BMW Is So Fixated On The Future That It Refuses to Produce Anything With a Retro Design
That’s the end of our Hommage concept dreamsby Kirby Garlitos, on
Despite calls from a lot of people to infuse old design elements from the past in its future models, BMW isn’t keen on taking that approach. BMW’s design chief, Adrian van Hooydonk, made that definitively clear in a conversation with Top Gear. The 56-year-old Dutch designer admitted that while BMW does go through the designs of some of its past models going full retro with the designs of its newer models isn’t on the company’s radar.
It’s a simple thing of BMW sticking to its guns despite a huge outpouring of comments imploring the automaker to go back to its design roots. You have to give BMW credit for not being affected by public sentiment, especially after some of its most recent models, particularly those wearing the large and controversial kidney grilles, have come under fire for their unpleasant aesthetics.

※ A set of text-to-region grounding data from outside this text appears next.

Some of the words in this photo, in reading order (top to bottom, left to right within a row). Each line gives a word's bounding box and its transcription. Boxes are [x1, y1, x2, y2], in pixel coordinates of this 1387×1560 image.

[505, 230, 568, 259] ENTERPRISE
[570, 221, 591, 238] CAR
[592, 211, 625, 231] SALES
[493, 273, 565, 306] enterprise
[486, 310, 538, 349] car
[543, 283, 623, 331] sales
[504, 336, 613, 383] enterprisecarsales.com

Still, BMW isn’t changing course even if criticisms continue to mount. Van Hooydonk did say that looking into retro styling cues is a crucial part of BMW’s design process. The automaker constantly taps into its heritage in that sense; it just doesn’t want to get to the point where it’s recreating something that’s already been done in the past. “We feel we should continue the fire, as opposed to worshipping the ashes,” van Hooydonk told Top Gear.
The Bavarians have routinely rolled out jaw-dropping concept models — the Hommage concepts remain one of our favorites —and while adopting the designs of these concepts in its production models hasn’t been at the level some fans would like it to be, the automaker has to make sure that it doesn’t go too far in one direction. Compromises have to be made to ensure that the models it rolls out will appeal to a broader population as opposed to just a niche group of outspoken fans.
It’s a delicate balancing act, and even van Hooydonk admits that he’s aware of the comments people have made regarding the designs of the automaker’s recent models.
But going full retro isn’t the magic elixir that a lot of fans think it is.
“I feel that retro design works well if you want to reposition a brand that has sort of lost its way,” van Hooydonk said. “You want to trace back where you came from and pick up on the trail where you were successful and go on from there.”
Say what you will about its controversial designs of late, but it’s still not a company that you can look at and say “it’s lost its way.” Even if people say that the company is fixated on the future to the point that it doesn’t pay as much attention to its design roots, it’s hard to argue the success BMW has had in recent years.